- Exercise goal -
Would you please repeat the data that follows, exactly as it reads?

- Materials provided -

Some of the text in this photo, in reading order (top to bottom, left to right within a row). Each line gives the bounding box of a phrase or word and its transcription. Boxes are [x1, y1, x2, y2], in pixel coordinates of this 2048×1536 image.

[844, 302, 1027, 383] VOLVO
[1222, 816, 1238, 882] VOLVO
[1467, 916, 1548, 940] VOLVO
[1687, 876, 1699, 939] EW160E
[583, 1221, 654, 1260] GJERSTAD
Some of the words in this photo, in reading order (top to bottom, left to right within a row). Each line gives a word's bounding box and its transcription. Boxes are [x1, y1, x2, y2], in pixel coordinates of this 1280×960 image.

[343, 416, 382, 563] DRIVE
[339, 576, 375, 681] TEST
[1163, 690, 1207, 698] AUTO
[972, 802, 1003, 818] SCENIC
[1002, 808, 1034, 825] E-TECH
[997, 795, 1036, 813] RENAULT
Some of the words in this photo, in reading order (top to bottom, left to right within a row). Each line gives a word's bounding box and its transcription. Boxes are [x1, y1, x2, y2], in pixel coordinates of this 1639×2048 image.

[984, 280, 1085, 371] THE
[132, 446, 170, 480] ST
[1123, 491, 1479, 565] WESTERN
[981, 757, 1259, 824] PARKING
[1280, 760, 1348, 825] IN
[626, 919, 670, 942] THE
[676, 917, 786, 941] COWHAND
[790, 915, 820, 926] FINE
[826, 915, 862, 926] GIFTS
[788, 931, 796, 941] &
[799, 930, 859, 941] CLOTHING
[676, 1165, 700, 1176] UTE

- Finished task -
Some of the text in this photo, in reading order (top to bottom, left to right within a row). Each line gives the bounding box of a phrase or word and its transcription. Boxes are [x1, y1, x2, y2], in pixel coordinates of this 2048×1536 image.

[844, 302, 1027, 383] VOLVO
[1222, 816, 1238, 882] VOLVO
[1467, 916, 1548, 940] VOLVO
[1687, 876, 1699, 939] EW160E
[583, 1221, 654, 1260] GJERSTAD
Some of the words in this photo, in reading order (top to bottom, left to right within a row). Each line gives a word's bounding box and its transcription. Boxes are [x1, y1, x2, y2], in pixel coordinates of this 1280×960 image.

[343, 416, 382, 563] DRIVE
[339, 576, 375, 681] TEST
[1163, 690, 1207, 698] AUTO
[972, 802, 1003, 818] SCENIC
[1002, 808, 1034, 825] E-TECH
[997, 795, 1036, 813] RENAULT
Some of the words in this photo, in reading order (top to bottom, left to right within a row). Each line gives a word's bounding box and its transcription. Boxes are [x1, y1, x2, y2], in pixel coordinates of this 1639×2048 image.

[984, 280, 1085, 371] THE
[132, 446, 170, 480] ST
[1123, 491, 1479, 565] WESTERN
[981, 757, 1259, 824] PARKING
[1280, 760, 1348, 825] IN
[626, 919, 670, 942] THE
[676, 917, 786, 941] COWHAND
[790, 915, 820, 926] FINE
[826, 915, 862, 926] GIFTS
[788, 931, 796, 941] &
[799, 930, 859, 941] CLOTHING
[676, 1165, 700, 1176] UTE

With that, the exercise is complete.